I am grateful for the Minister’s explanation, a lot of which I was aware of. Will he answer one point? I have had direct discussions with Stephen Abell and Scott Langham, and when I put these points to them, they do not say that they will look at the problem and try to resolve it, but argue for the status quo. It is surely wrong that they absorb the information that they get, but do not do anything about it. We have to get to a position where they do. As I mentioned in my speech, these problems have been around for a long time. When are we going to deal with them?
The hon. Gentleman makes an extremely important point. I will come on to how the PCC deals with criticism and recommendations of how it should change its ways.
As the hon. Gentleman said in his speech, the code has been changed more than 30 times. I will give one example, which may draw another intervention. One way in which the PCC is scrutinised in this House is by the excellent work of the Culture, Media and Sport Committee. It is good that the Chair of that Committee is in the Chamber tonight. I gather that the PCC places great weight on its recommendations and has adopted many of the recommendations from its last report, the thrust of which was about making the organisation a more public-facing body.
Before I come on to the hon. Gentleman’s specific point, it is important to say that although the press pays for the PCC, it should not be seen as a creature of the press. The Select Committee commented on that problem with self-regulation in 2003. As a result, the PCC changed the balance of the commission so that there is a two-thirds majority of lay people. The PCC has announced three appointments recently, who will take up their posts soon: Lord Grade, the former chairman of the BBC, Michael Smyth, the chairman of Public Concern at Work who retired recently from the law firm Clifford Chance, and Jeremy Roberts, who is soon to retire as a permanent judge at the central criminal court and the Court of Appeal.

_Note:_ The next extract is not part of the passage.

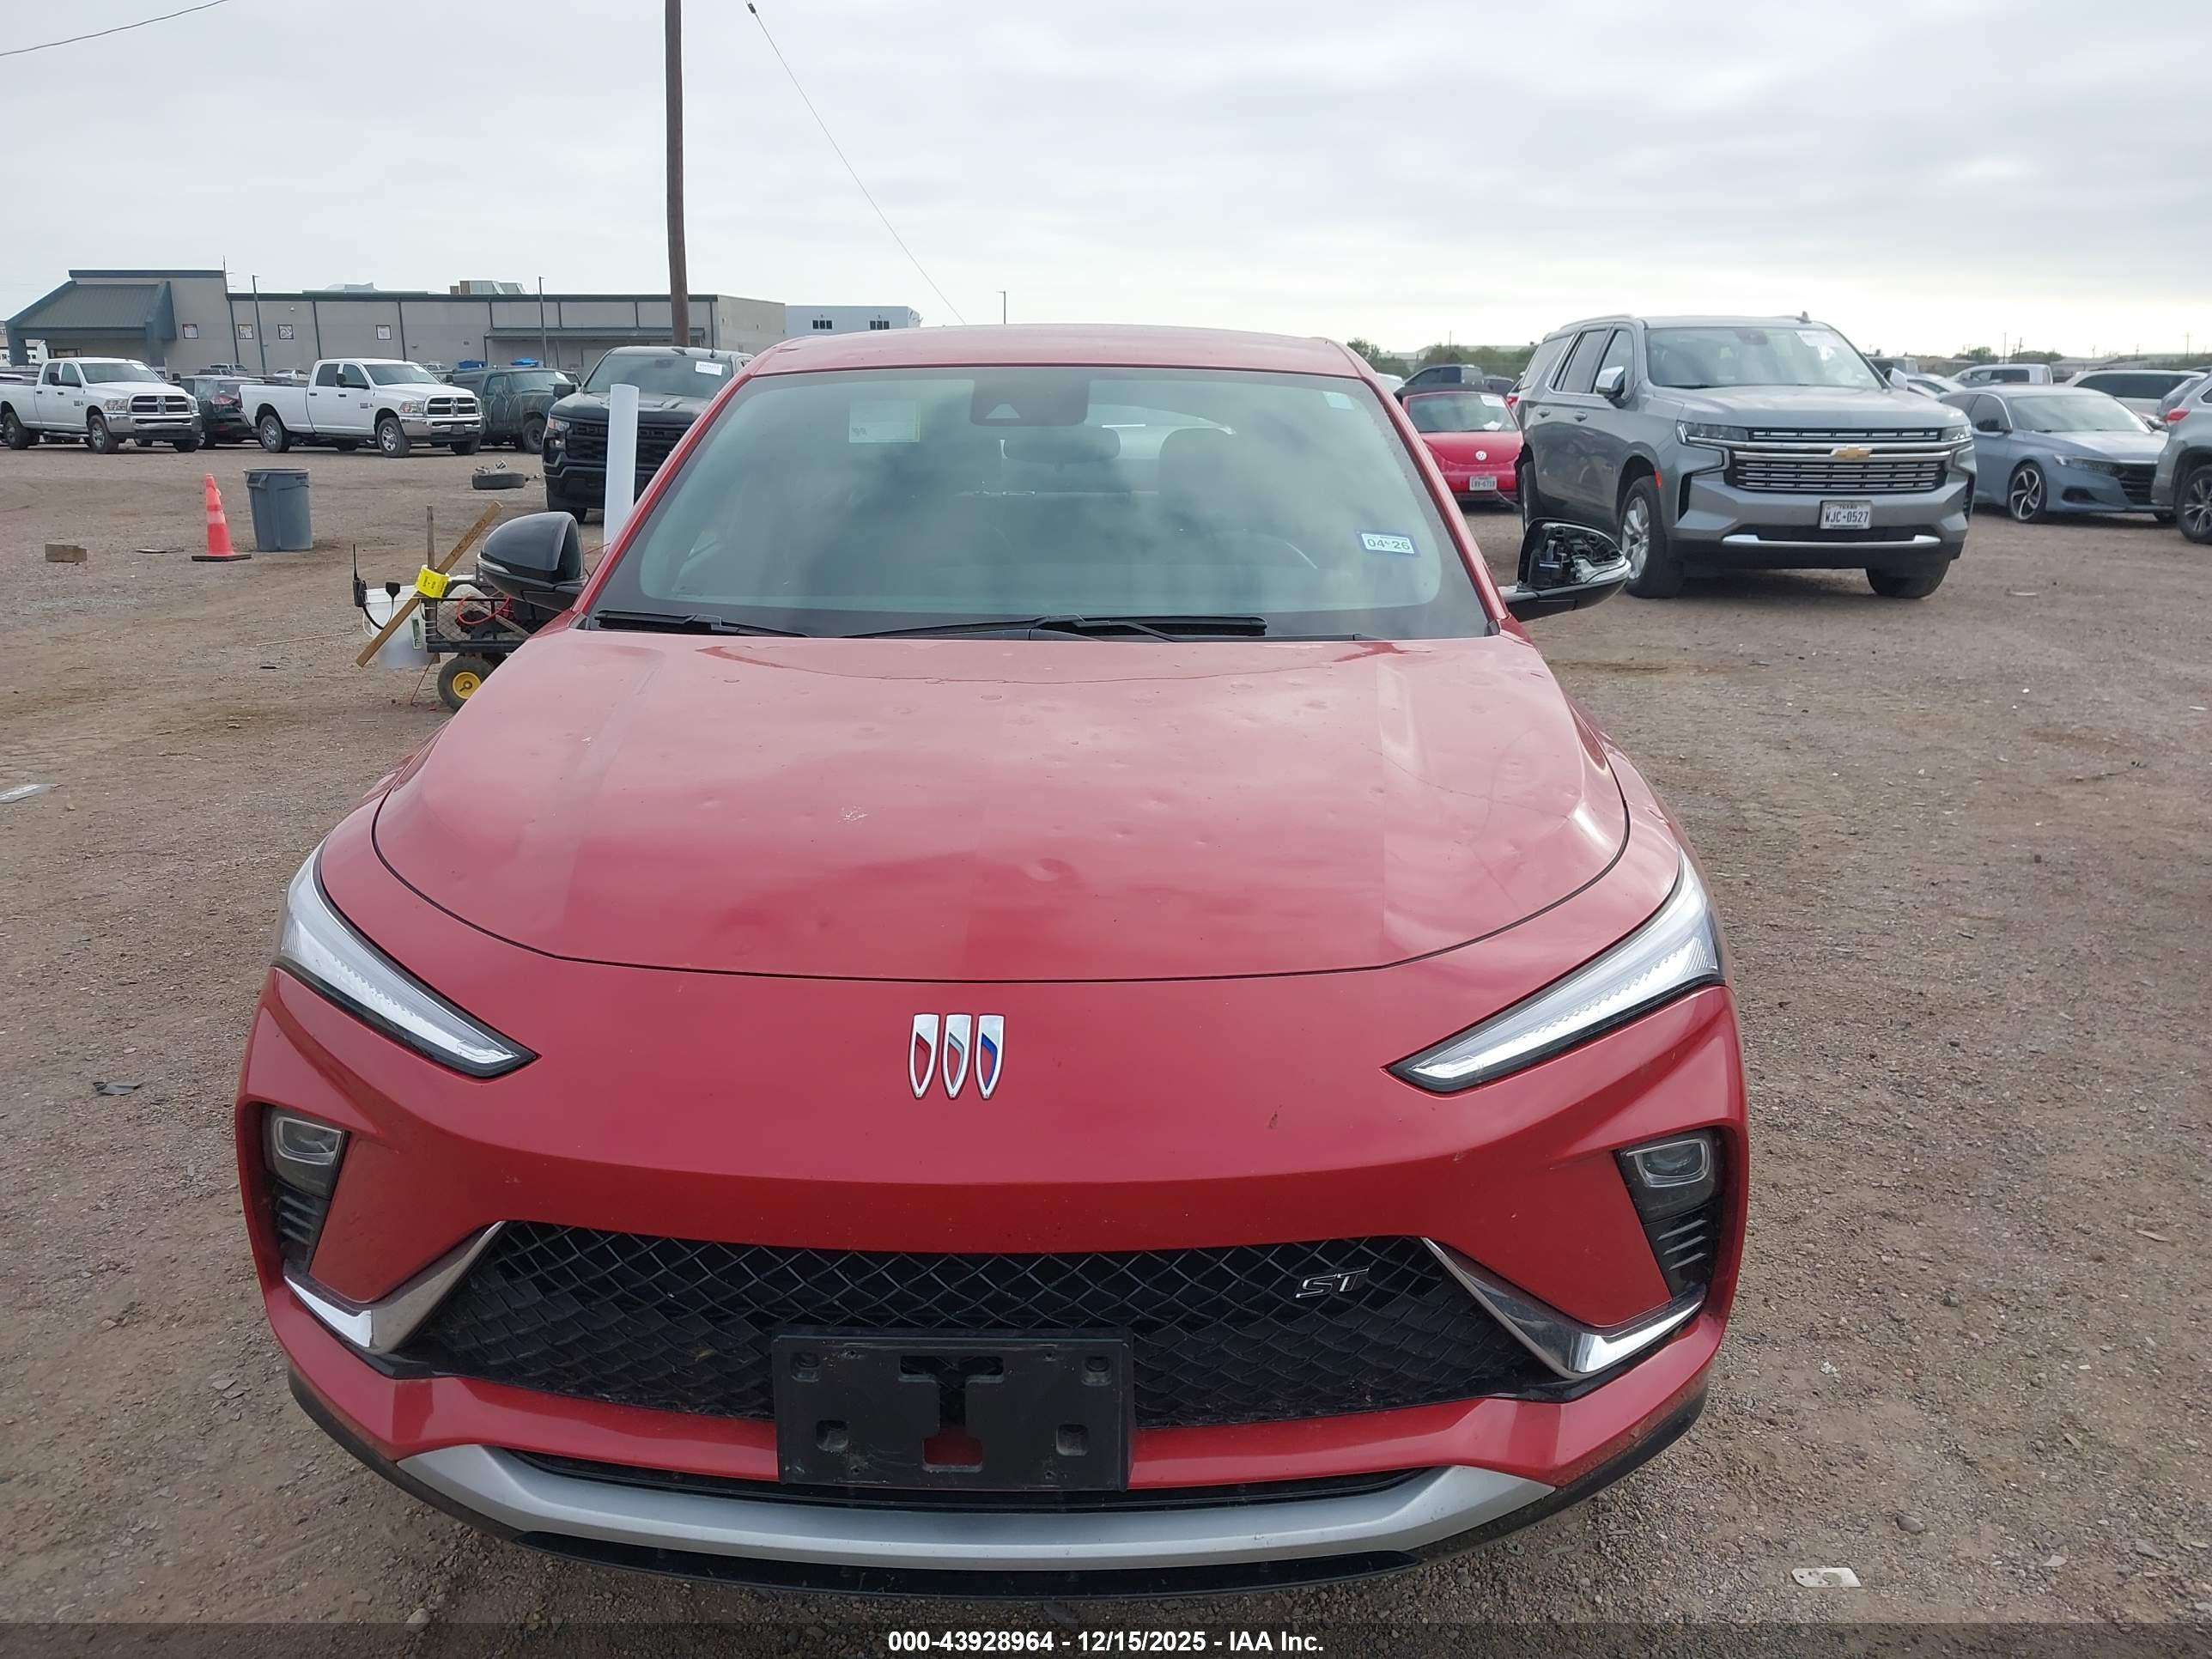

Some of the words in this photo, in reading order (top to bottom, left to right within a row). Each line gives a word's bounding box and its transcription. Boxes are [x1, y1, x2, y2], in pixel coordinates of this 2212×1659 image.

[1367, 538, 1385, 548] 04
[1392, 541, 1410, 550] 26
[1295, 1267, 1370, 1298] ST

There is no room for complacency, and that starts with the code itself. One benefit of a non-statutory approach is the flexibility that such a code offers. The PCC would tell me its code committee is able to move quickly to incorporate issues of public concern, and that anyone is free to contact the committee to ask that it includes coverage of any issue.
The PCC holds an annual consultation so that the public can suggest changes, and Members of Parliament, including the hon. Gentleman, are free to raise concerns about the coverage of the code. I am told by the PCC committee that all proposals are fully considered and answered, but he has said that he has advocated a change and been met in response with an argument against that change and for the status quo. I was obviously not privy to that conversation, but I suggest to him that he make a formal proposal to the PCC for a change to the code as part of the annual consultation, to get on the record from the PCC why it feels that a change from due prominence to equal prominence would not be the right way forward and that the code deals adequately with the provenance of readers’ letters.

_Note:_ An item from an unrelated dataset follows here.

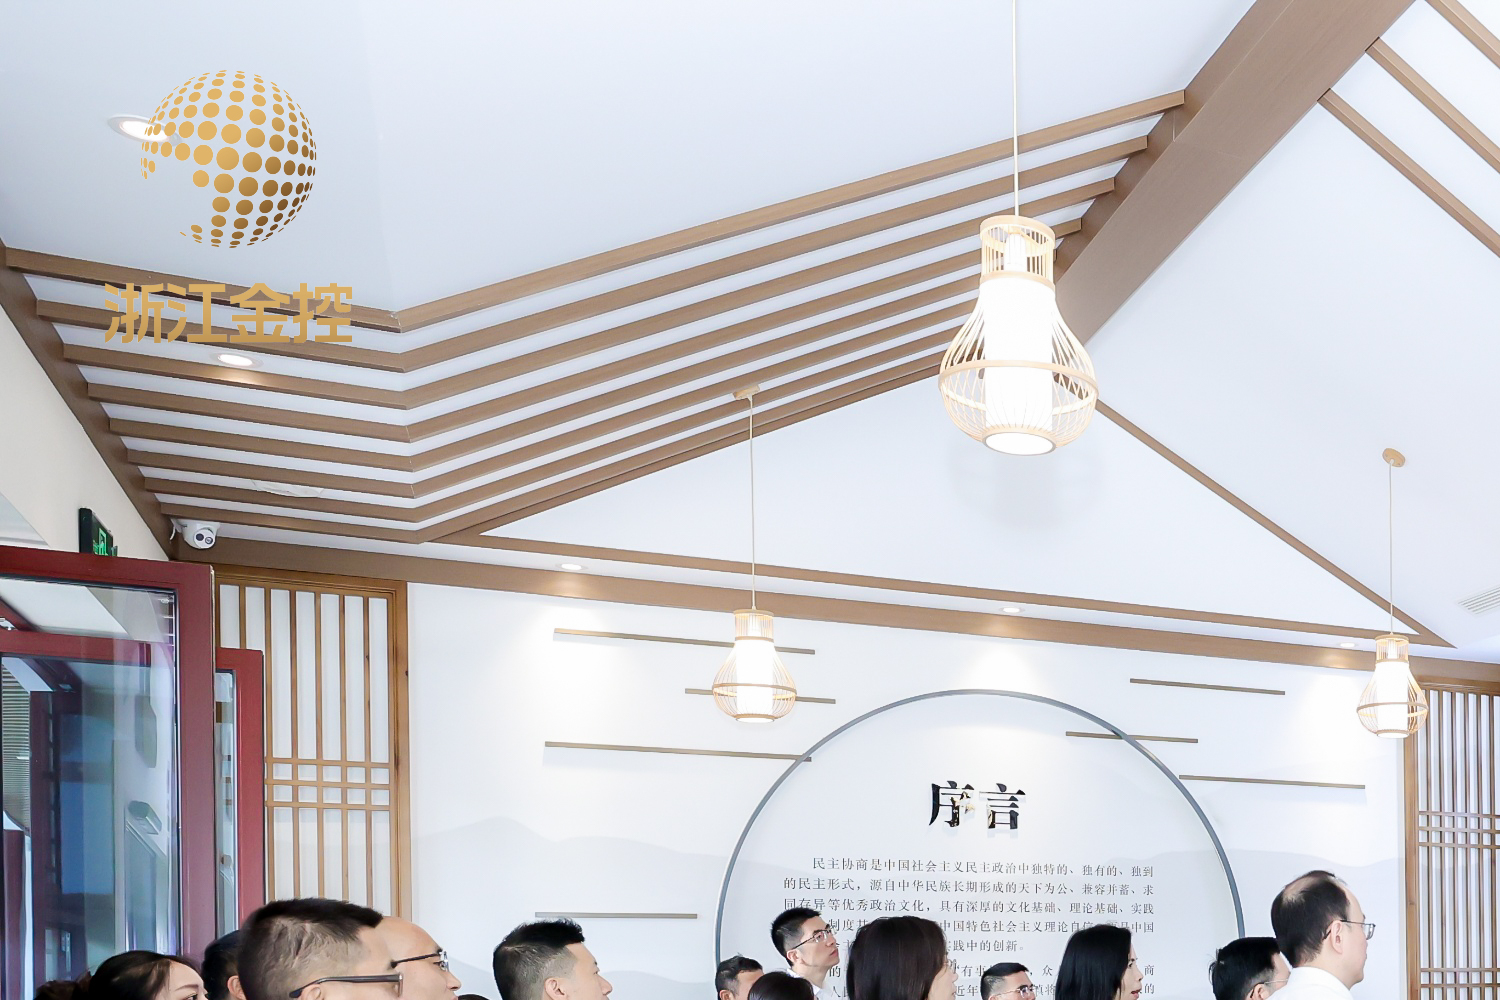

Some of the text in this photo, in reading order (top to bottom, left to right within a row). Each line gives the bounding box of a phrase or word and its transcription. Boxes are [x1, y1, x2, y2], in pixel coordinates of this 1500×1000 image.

I think it is very important that the Government do not take a view. That sounds mealy-mouthed, but I have been keen to stress that the system is self-regulatory, and no Government—not this Government, and not the previous Government—want statutory regulation of the press. It would be the thin end of the wedge if Ministers recommended specific changes to the code.

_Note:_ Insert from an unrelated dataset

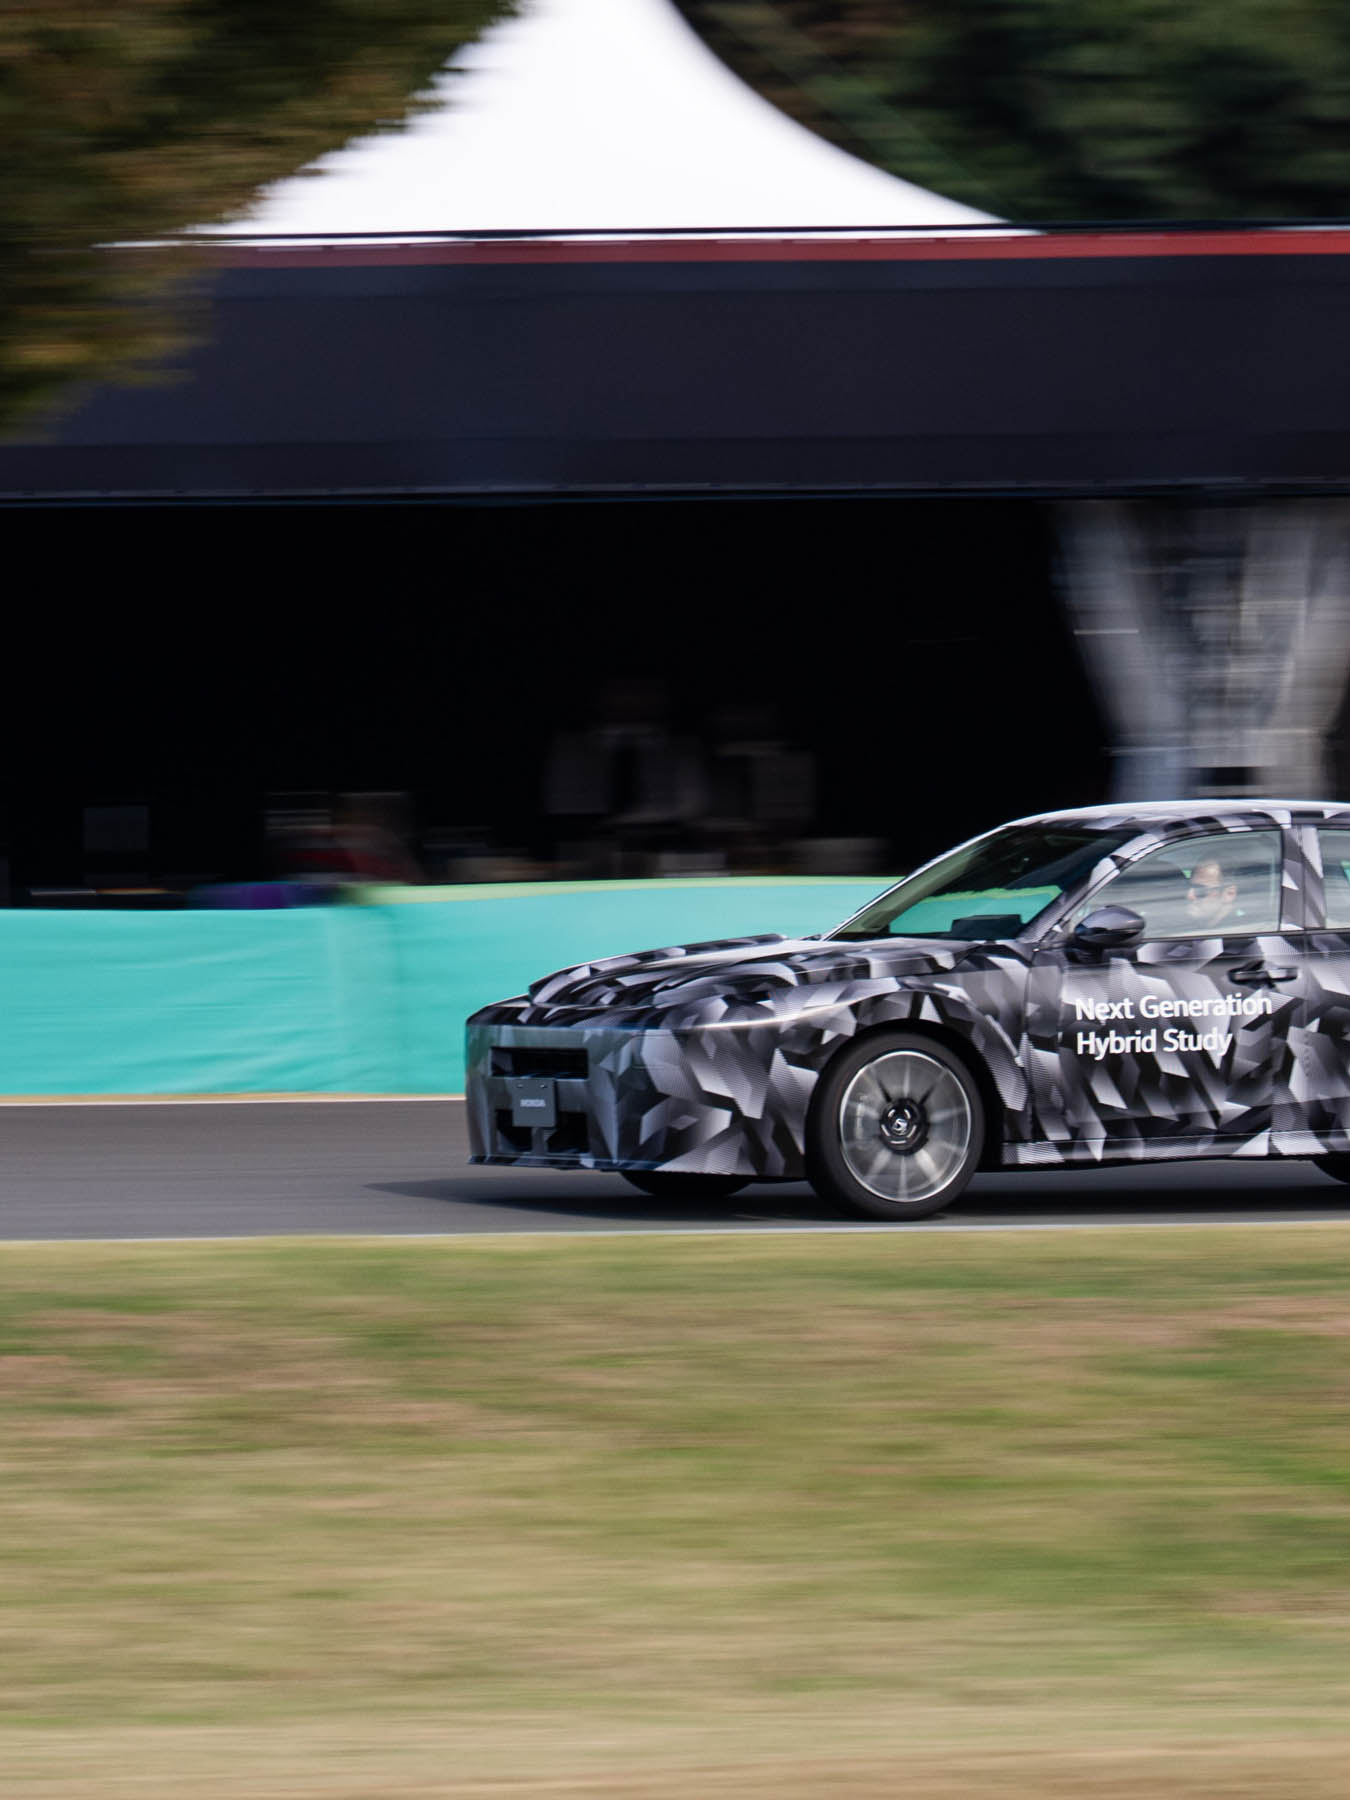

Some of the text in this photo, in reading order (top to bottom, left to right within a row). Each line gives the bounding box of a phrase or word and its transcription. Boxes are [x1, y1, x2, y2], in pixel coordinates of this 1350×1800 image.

May I finish this point before the hon. Gentleman intervenes again?
It is open to hon. Members to raise the issue in the House, and of course it is open to the Culture, Media and Sport Committee to examine the PCC and make recommendations. In a self-regulatory system, individuals should be able to put their case, whether they are Members of Parliament or, as my hon. Friend the Member for Mid Bedfordshire (Nadine Dorries) pointed out, members of the public.